All eyes in Astoria are on a new City Council member as a megaproject draws opposition from the local community board.
Resistance has popped up — as it always does for sizable projects in Queens — against the $2 billion Innovation QNS development, the New York Post reported. Local community members have cited gentrification and community character as reasons to deny the project the political approval it needs.
Unveiled in 2020 by Kaufman Astoria Studios, Silverstein Properties and Bedrock Real Estate, the 2.7-million-square-foot mixed-use project would span five blocks at the intersection of Steinway Street and 35th Avenue and include 2,845 apartments (25 percent affordable), 200,000 square feet for retail and 250,000 square feet for small businesses and creatives.
Not everyone is on board with the plan, though. According to the Post, one member of the community board explained that “most people in the community are concerned about the heights.” Two of the buildings are slated to be 26 stories.
The development site is zoned for low-density manufacturing, requiring a rezoning. The review and approval process might start as soon as next month and reach the City Council in the early fall.

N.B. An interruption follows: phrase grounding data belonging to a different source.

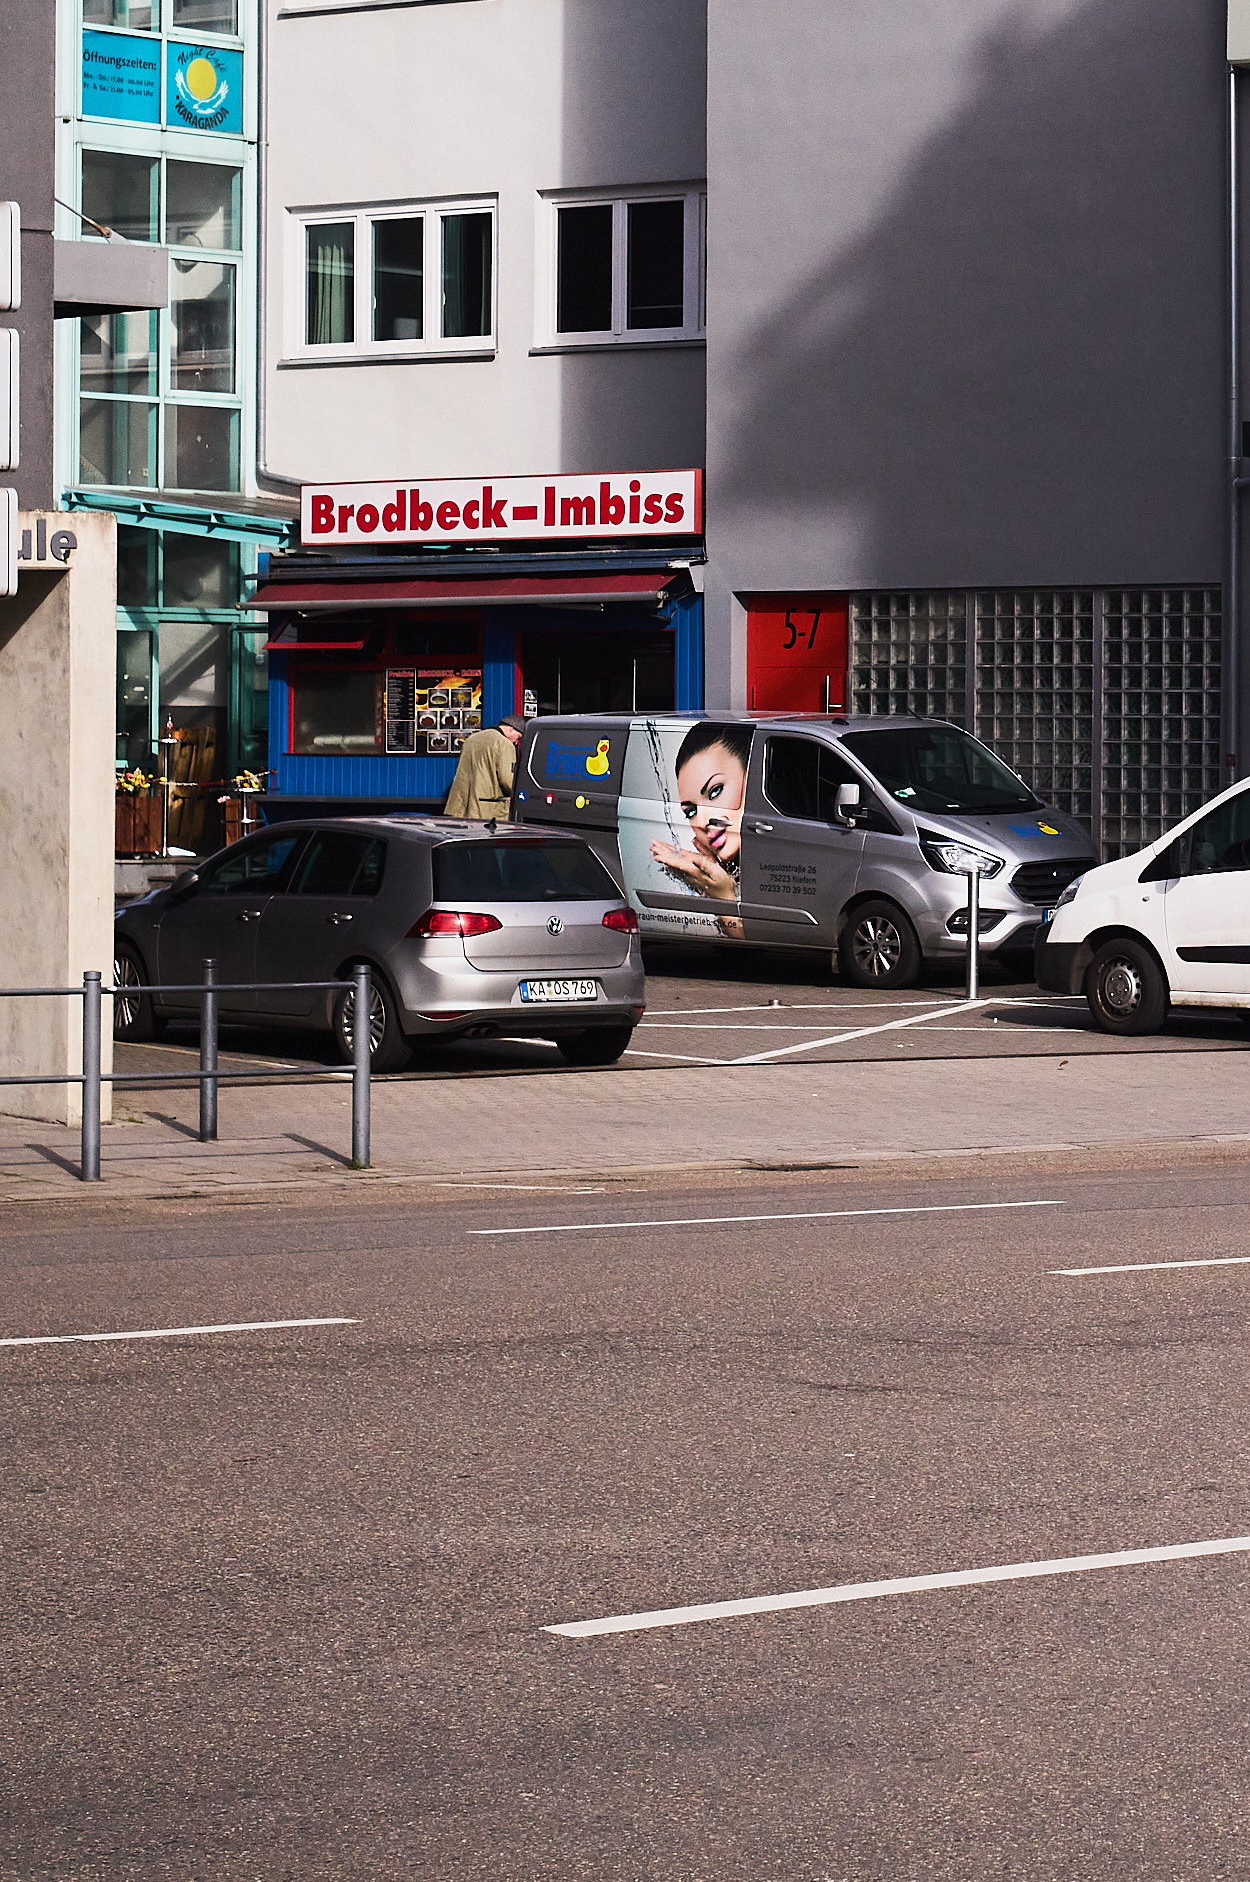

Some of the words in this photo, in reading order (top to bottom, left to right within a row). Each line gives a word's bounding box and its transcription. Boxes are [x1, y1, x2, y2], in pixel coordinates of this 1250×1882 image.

[82, 48, 157, 71] Öffnungszeiten:
[175, 99, 229, 130] KARAGANDA
[311, 479, 685, 534] Brodbeck-Imbiss
[783, 608, 821, 650] 5-7
[546, 741, 587, 775] Braun
[759, 883, 781, 893] 07233
[781, 885, 791, 894] 70
[792, 886, 802, 895] 39
[803, 887, 817, 896] 502
[770, 873, 791, 883] 75223
[529, 981, 546, 996] KA
[571, 981, 594, 995] 769
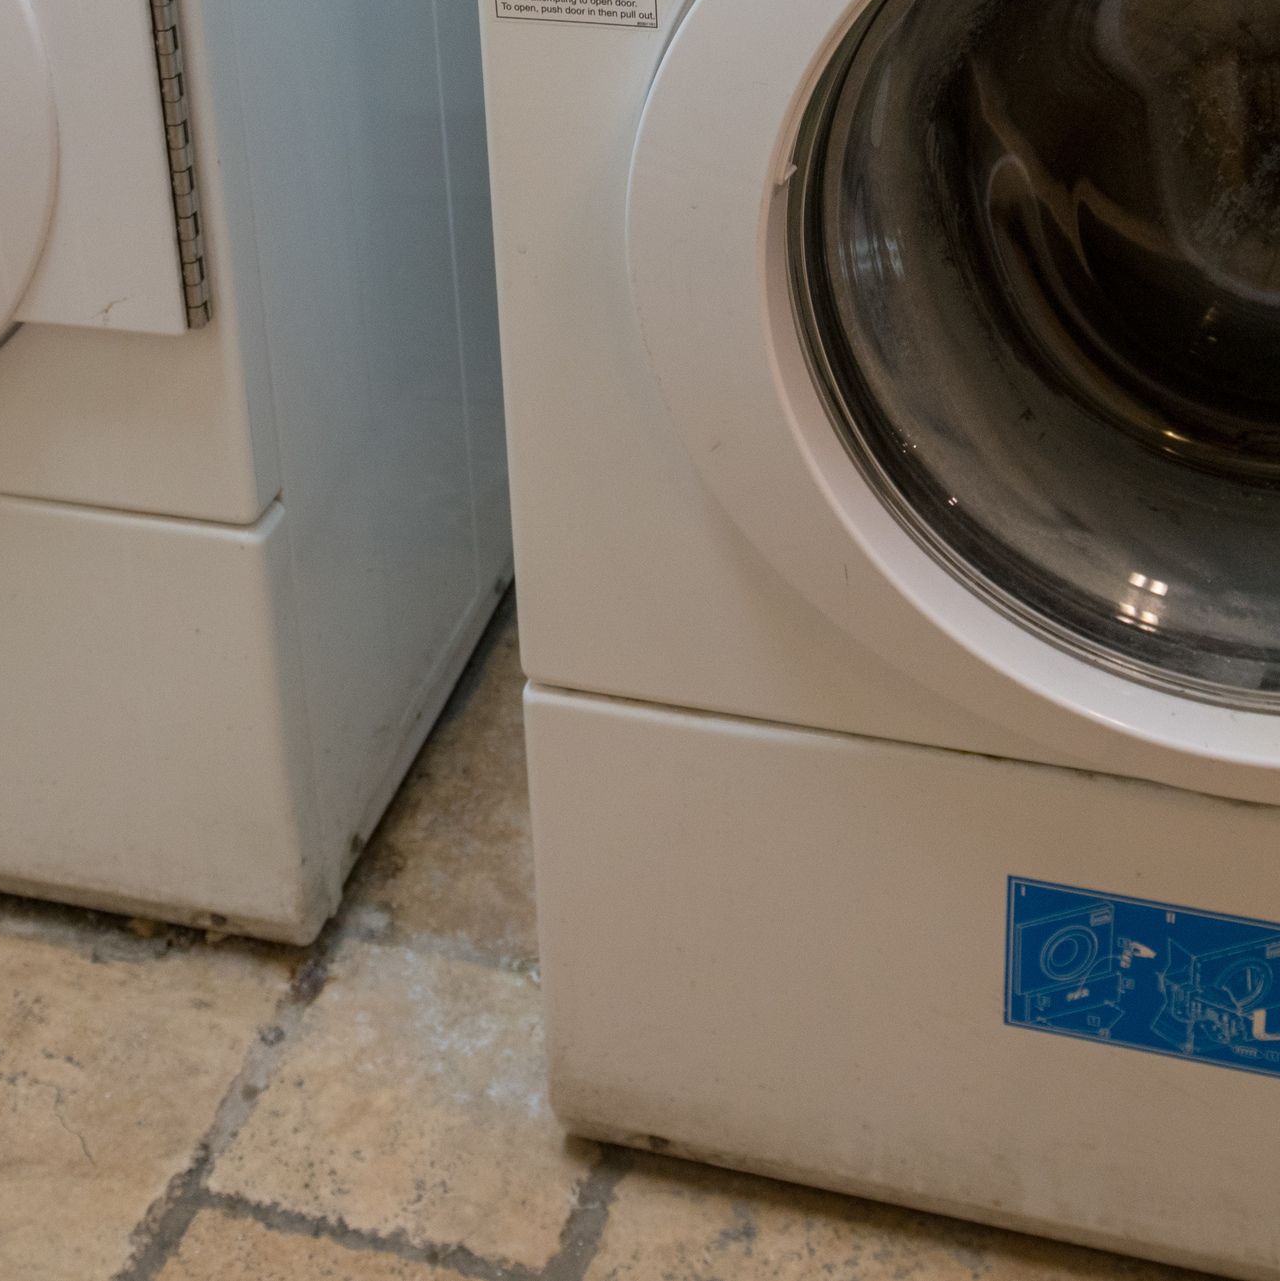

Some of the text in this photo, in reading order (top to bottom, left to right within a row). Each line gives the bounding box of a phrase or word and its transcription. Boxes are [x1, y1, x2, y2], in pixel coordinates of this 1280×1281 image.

[500, 1, 656, 20] To open, push door in then pull out.
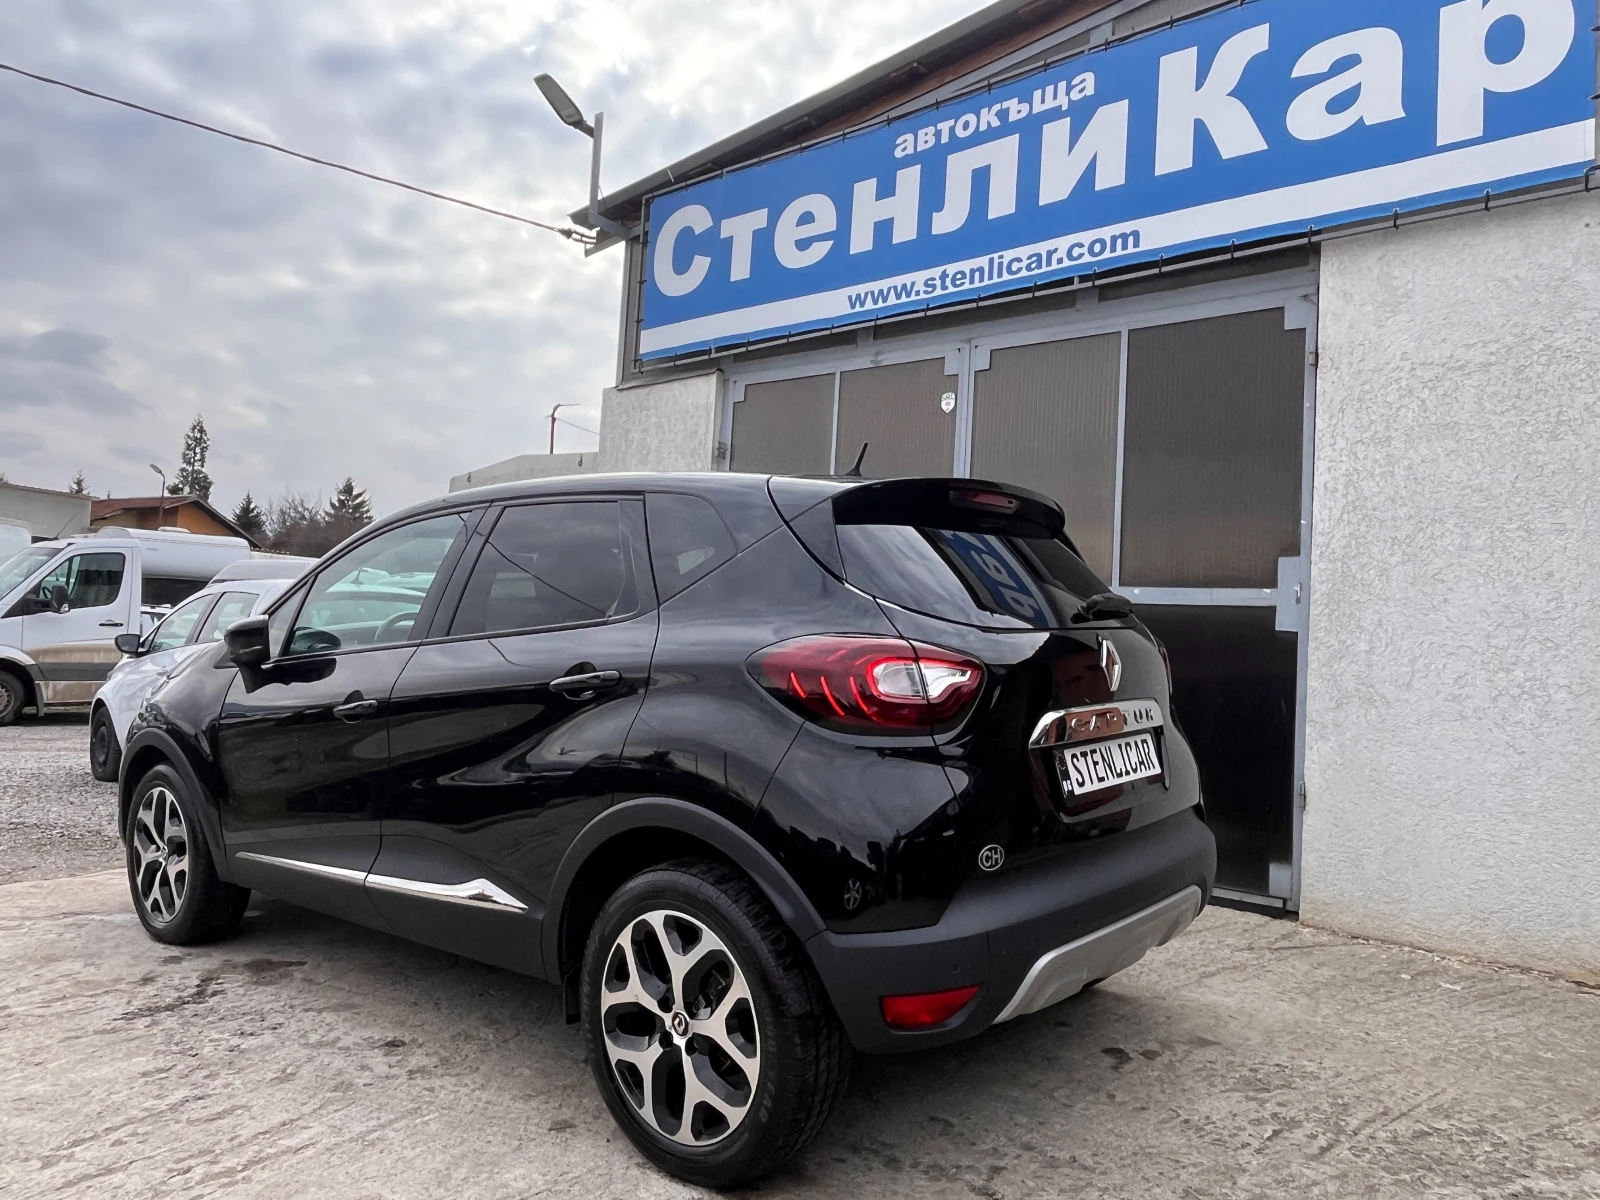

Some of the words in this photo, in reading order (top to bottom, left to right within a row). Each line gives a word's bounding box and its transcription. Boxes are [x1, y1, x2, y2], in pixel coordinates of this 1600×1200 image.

[652, 0, 1575, 297] СтенлиКар
[894, 71, 1095, 158] автокъща
[848, 229, 1140, 309] www.stenlicar.com
[1070, 738, 1156, 788] STENLICAR
[982, 848, 1001, 867] CH

That’s where Julie Won comes in. According to the Post, the newly elected Council representative for Astoria hasn’t taken a position publicly about Innovation QNS. The Council’s “member deference” tradition means Won can shape or even kill the development, which is proposed to include 2 acres of open space, a movie theater, a grocery store and community health facilities.
Rezonings can be dicey with new Council members. Last month, Crystal Hudson, a rookie representative in Brooklyn, asked developers to rescind their applications for two projects on Atlantic Avenue, effectively spiking rezonings on the grounds that they started the approval process before she took office. The move likely sets the developers back a year.
The absence of public opposition from Won probably means she is willing to negotiate with the developers. Typically such talks result in cutting down the size of proposed buildings and increasing the affordability of the housing, as politicians seek a compromise that placates local opponents.